## Task description:
Your response should consist of the entries below, reproduced exactly and without their images.

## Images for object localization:

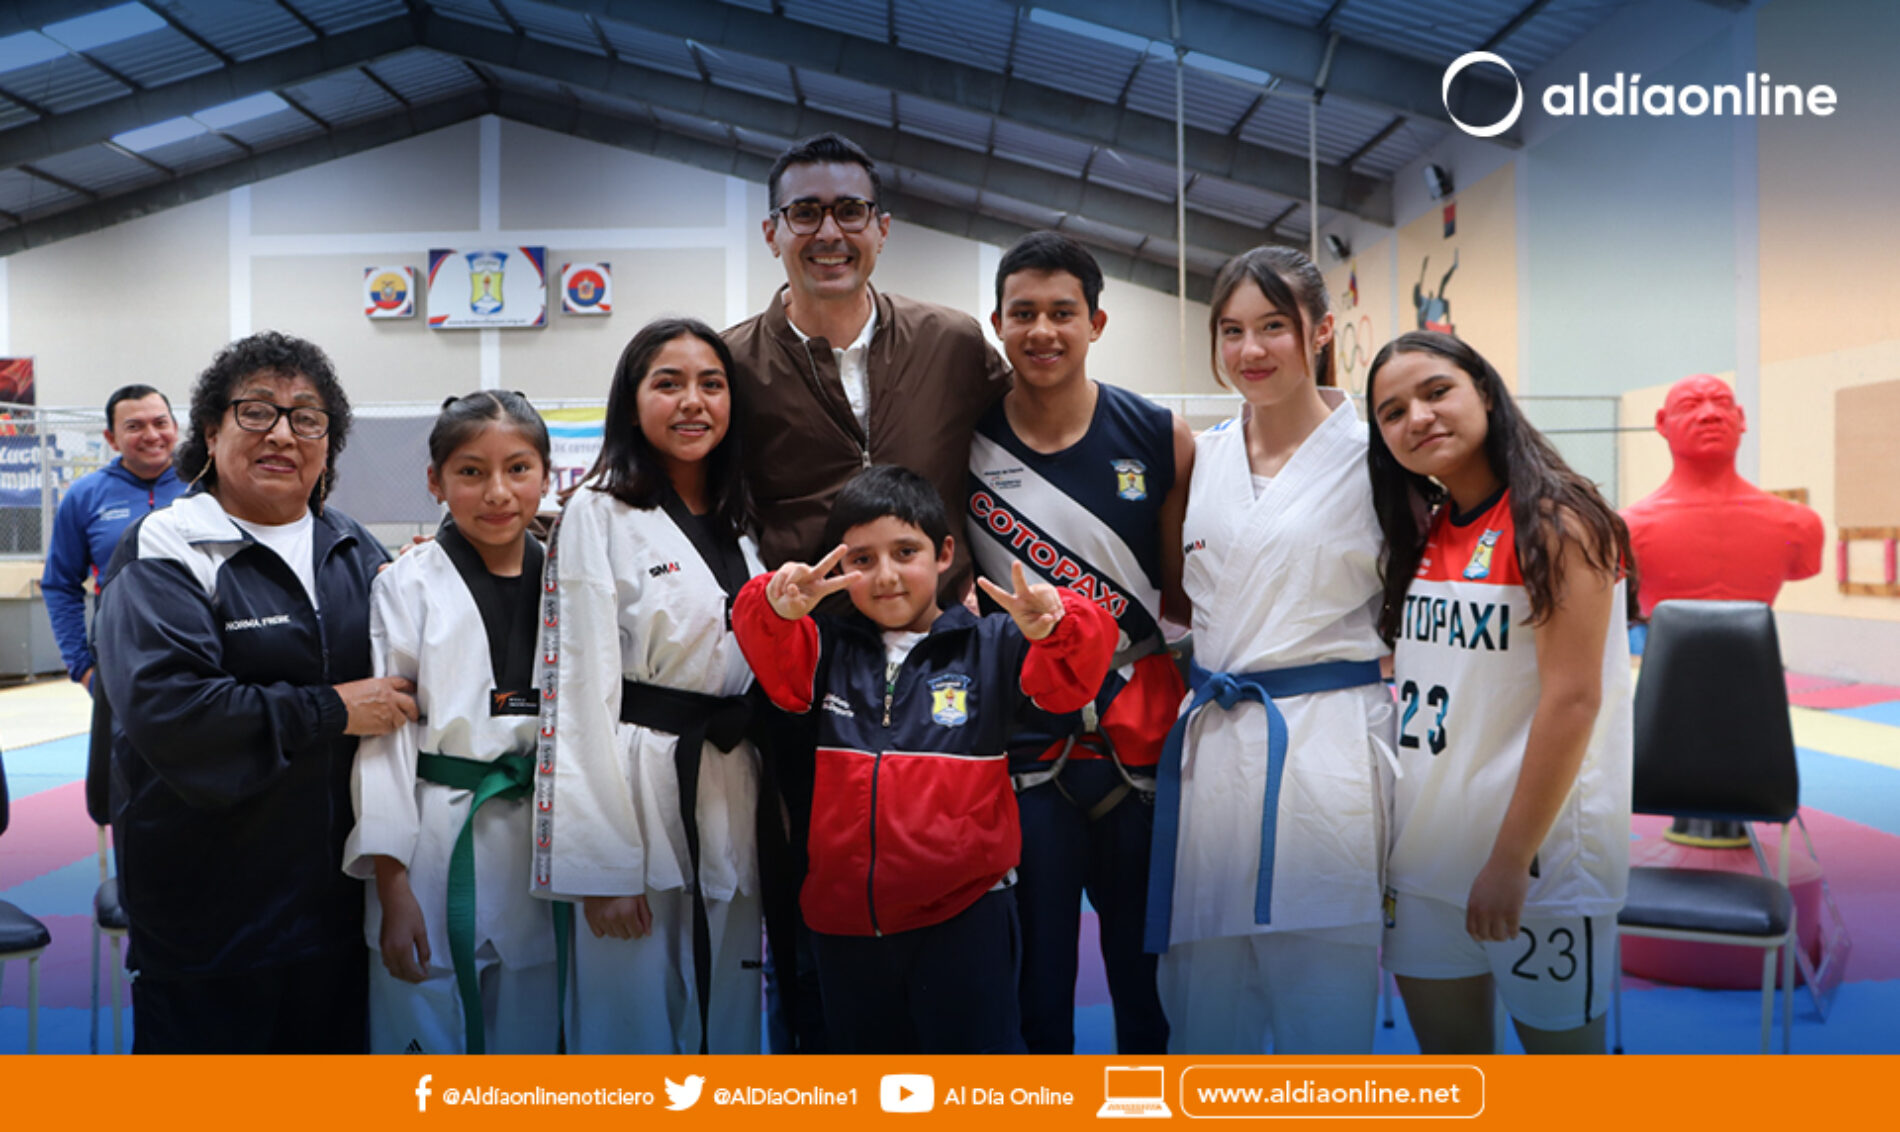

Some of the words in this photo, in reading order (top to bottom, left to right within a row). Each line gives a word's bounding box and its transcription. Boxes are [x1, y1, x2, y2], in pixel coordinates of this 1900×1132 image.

[970, 492, 1129, 617] COTOPAXI
[1397, 595, 1510, 651] TOPAXI
[1399, 680, 1450, 756] 23
[1511, 926, 1577, 982] 23
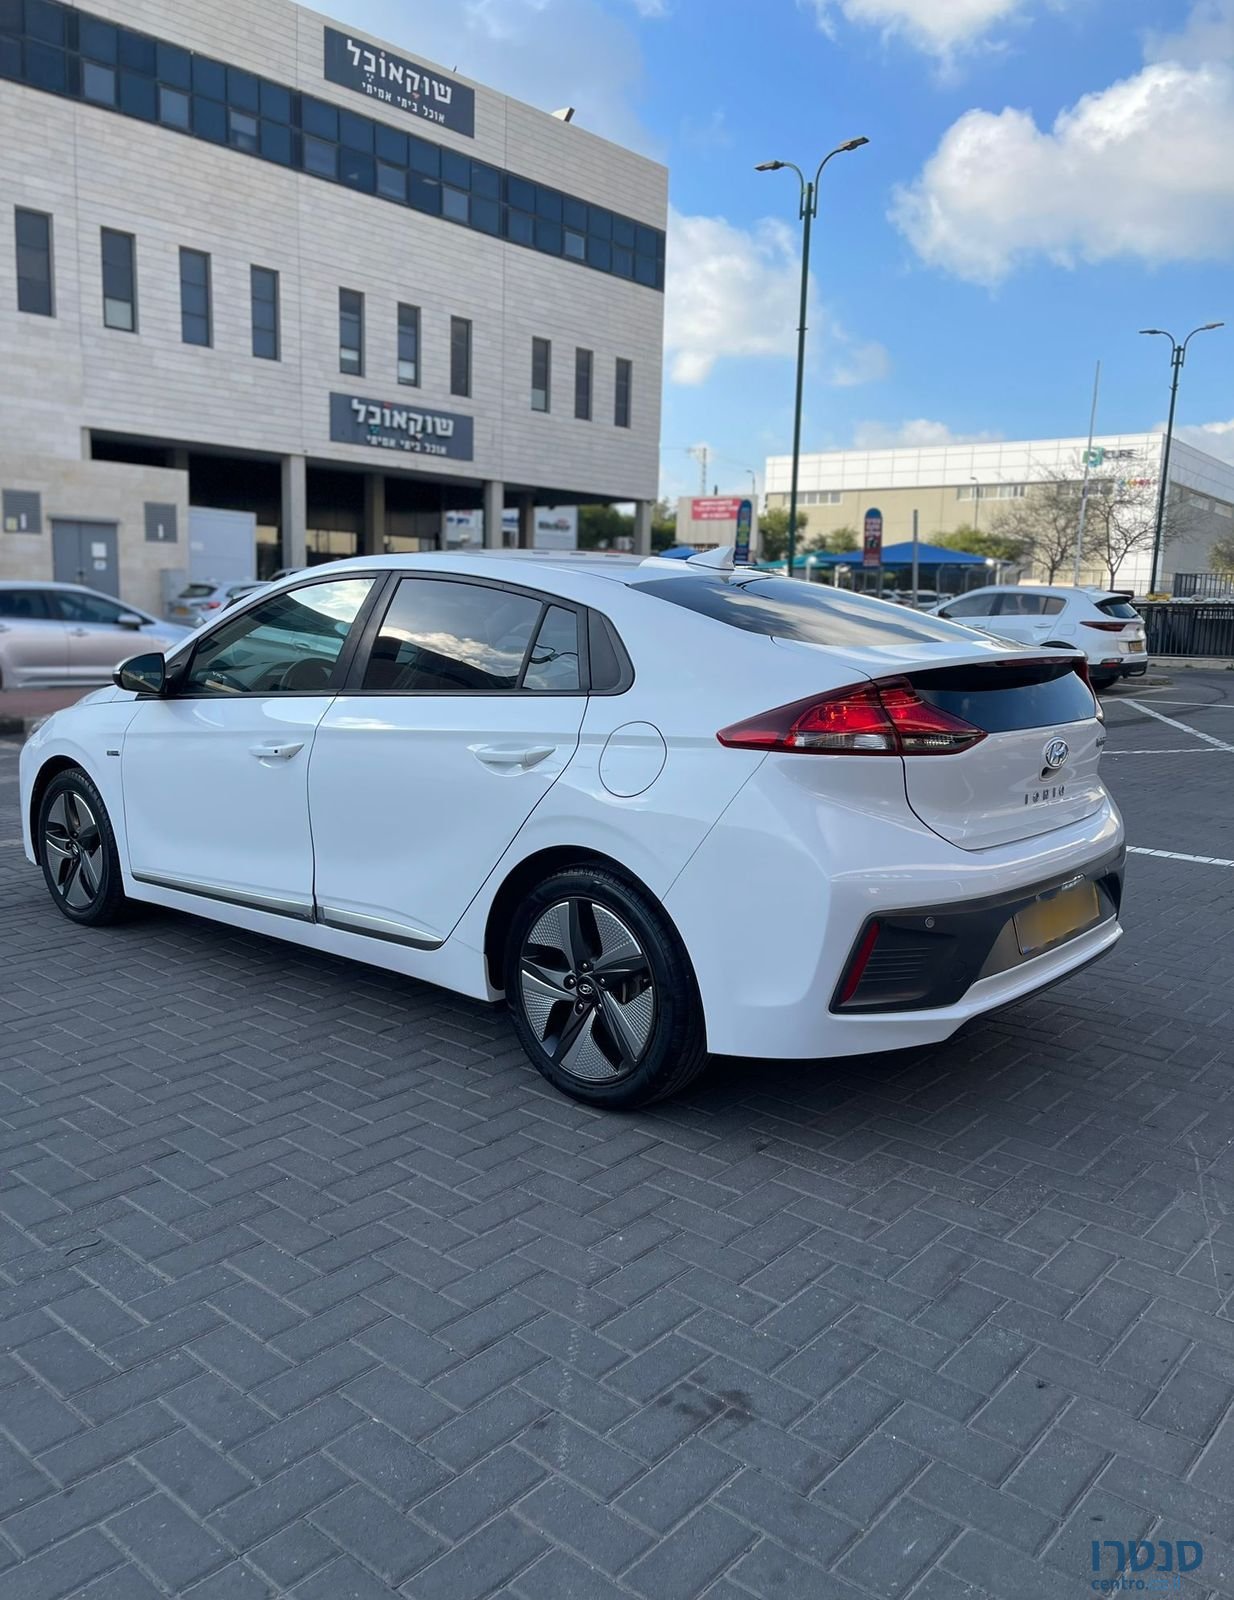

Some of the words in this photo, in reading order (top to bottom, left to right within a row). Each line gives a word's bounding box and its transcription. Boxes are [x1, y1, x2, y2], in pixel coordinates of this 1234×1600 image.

## Response:
Some of the words in this photo, in reading order (top to bottom, left to right within a row). Each line gives a word's bounding box and its transcription. Boxes are [x1, y1, x2, y2], in pixel coordinates of this 1900×1132 image.

[970, 492, 1129, 617] COTOPAXI
[1397, 595, 1510, 651] TOPAXI
[1399, 680, 1450, 756] 23
[1511, 926, 1577, 982] 23

Some of the words in this photo, in reading order (top to bottom, left to right within a row). Each line gives a word's bounding box and its transcription. Boxes are [x1, y1, x2, y2], in pixel coordinates of this 1234×1600 image.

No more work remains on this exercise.